▶ _THE INPUT_
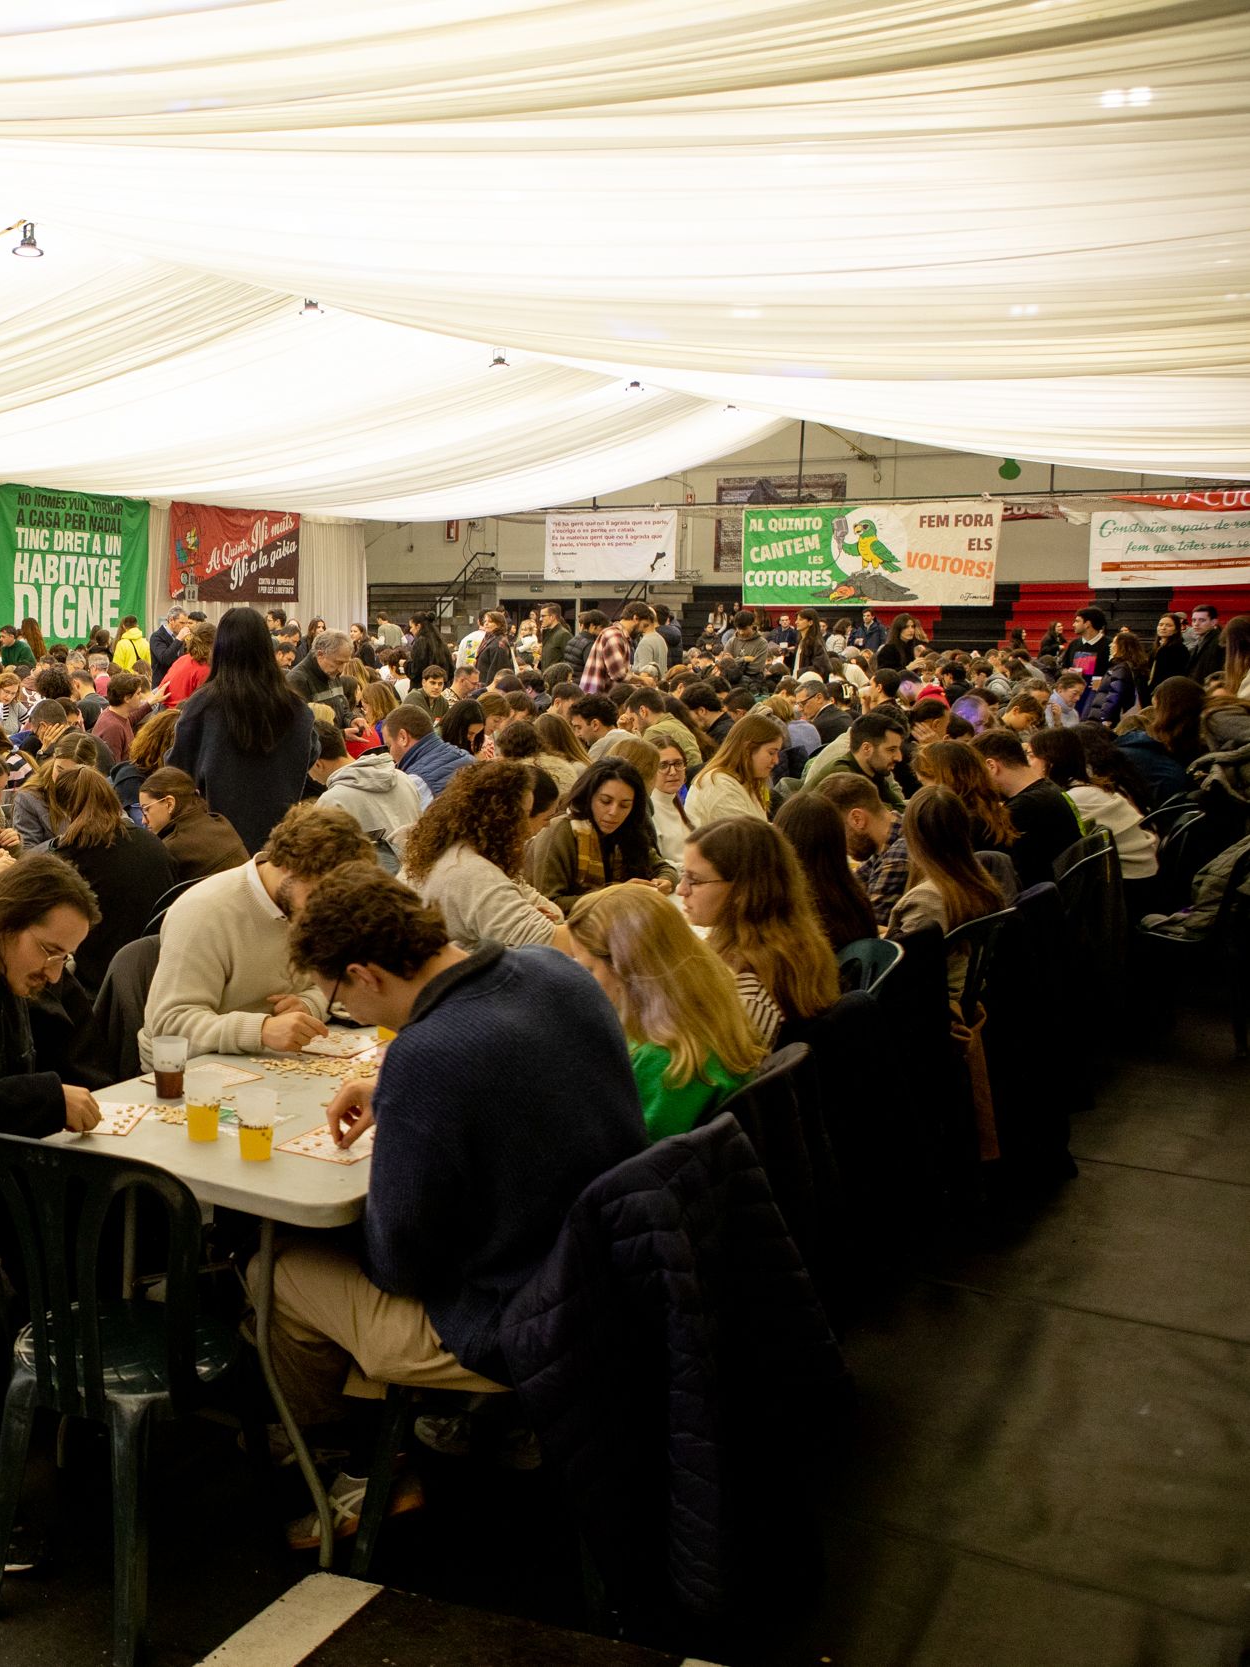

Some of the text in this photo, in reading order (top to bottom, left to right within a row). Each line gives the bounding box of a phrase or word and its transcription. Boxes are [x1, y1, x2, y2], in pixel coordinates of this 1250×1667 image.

[17, 491, 124, 516] NO NOMÉS VULL TORNAR
[16, 508, 122, 534] A CASA PER NADAL
[251, 516, 269, 554] Ni
[271, 513, 295, 538] muts
[748, 516, 823, 533] AL QUINTO
[919, 513, 994, 529] FEM FORA
[1099, 518, 1167, 538] Construïm
[1171, 521, 1209, 535] espais
[1213, 519, 1231, 530] de
[15, 527, 122, 557] TINC DRET A UN
[749, 534, 821, 564] CANTEM
[967, 537, 993, 551] ELS
[1125, 541, 1150, 555] fem
[1153, 543, 1176, 554] que
[1177, 540, 1207, 552] totes
[1210, 541, 1233, 550] ens
[14, 552, 121, 588] HABITATGE
[230, 540, 298, 591] Ni a la gàbia
[807, 555, 824, 565] LES
[906, 551, 995, 580] VOLTORS!
[744, 569, 838, 590] COTORRES,
[14, 583, 121, 639] DIGNE

▶ _EXERCISE DIRECTIONS_
Provide the listing above once more, exactly, with the pictures removed.

▶ _EXERCISE OUTPUT_
Some of the text in this photo, in reading order (top to bottom, left to right within a row). Each line gives the bounding box of a phrase or word and its transcription. Boxes are [x1, y1, x2, y2], in pixel coordinates of this 1250×1667 image.

[17, 491, 124, 516] NO NOMÉS VULL TORNAR
[16, 508, 122, 534] A CASA PER NADAL
[251, 516, 269, 554] Ni
[271, 513, 295, 538] muts
[748, 516, 823, 533] AL QUINTO
[919, 513, 994, 529] FEM FORA
[1099, 518, 1167, 538] Construïm
[1171, 521, 1209, 535] espais
[1213, 519, 1231, 530] de
[15, 527, 122, 557] TINC DRET A UN
[749, 534, 821, 564] CANTEM
[967, 537, 993, 551] ELS
[1125, 541, 1150, 555] fem
[1153, 543, 1176, 554] que
[1177, 540, 1207, 552] totes
[1210, 541, 1233, 550] ens
[14, 552, 121, 588] HABITATGE
[230, 540, 298, 591] Ni a la gàbia
[807, 555, 824, 565] LES
[906, 551, 995, 580] VOLTORS!
[744, 569, 838, 590] COTORRES,
[14, 583, 121, 639] DIGNE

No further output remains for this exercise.